## EXERCISE DIRECTIONS
Every entry should be reproduced precisely, with each picture left out.

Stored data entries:
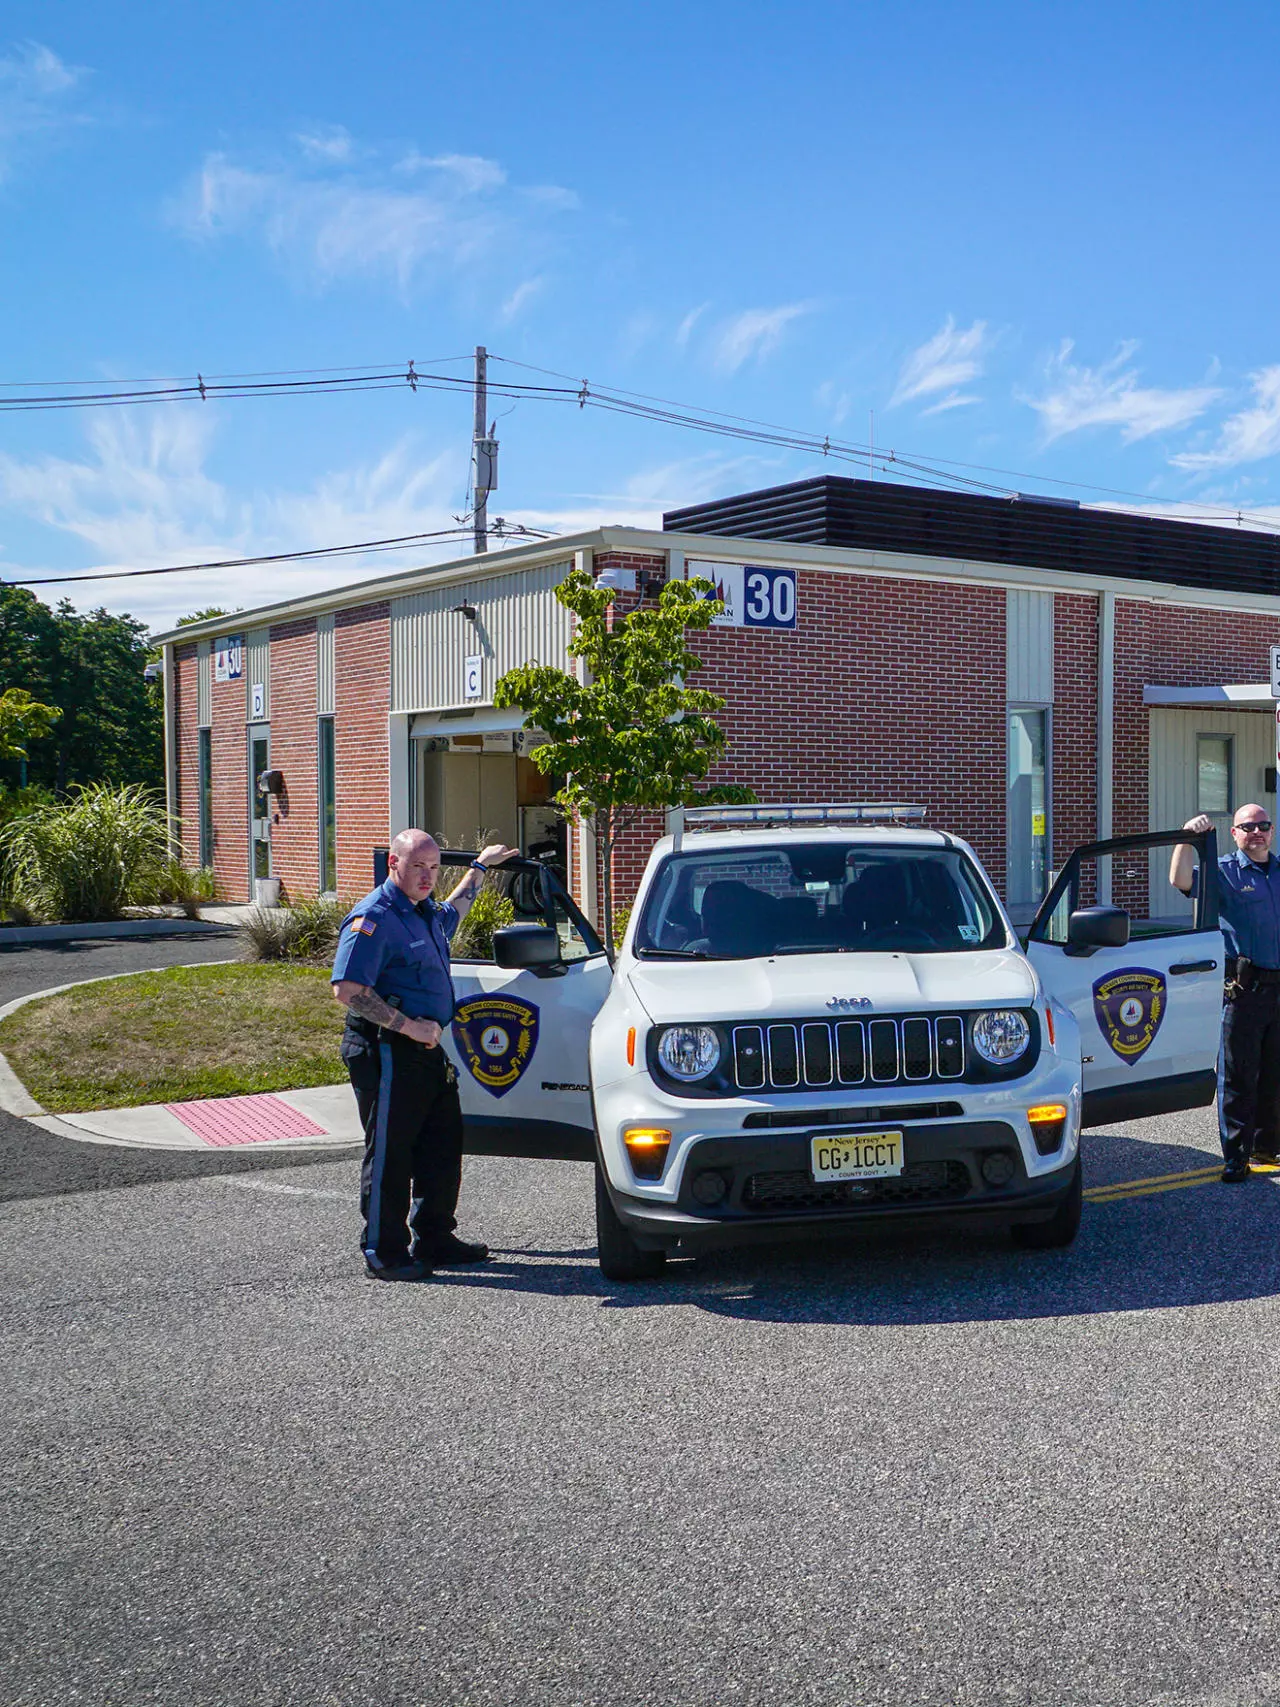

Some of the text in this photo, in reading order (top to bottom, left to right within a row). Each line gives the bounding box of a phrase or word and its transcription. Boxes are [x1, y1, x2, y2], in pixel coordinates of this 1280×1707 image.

[746, 573, 795, 623] 30
[468, 670, 477, 692] C
[255, 695, 262, 712] D
[825, 996, 873, 1009] Jeep
[834, 1136, 881, 1146] New Jersey

## EXERCISE RESPONSE
Some of the text in this photo, in reading order (top to bottom, left to right within a row). Each line gives the bounding box of a phrase or word and its transcription. Boxes are [x1, y1, x2, y2], in pixel coordinates of this 1280×1707 image.

[746, 573, 795, 623] 30
[468, 670, 477, 692] C
[255, 695, 262, 712] D
[825, 996, 873, 1009] Jeep
[834, 1136, 881, 1146] New Jersey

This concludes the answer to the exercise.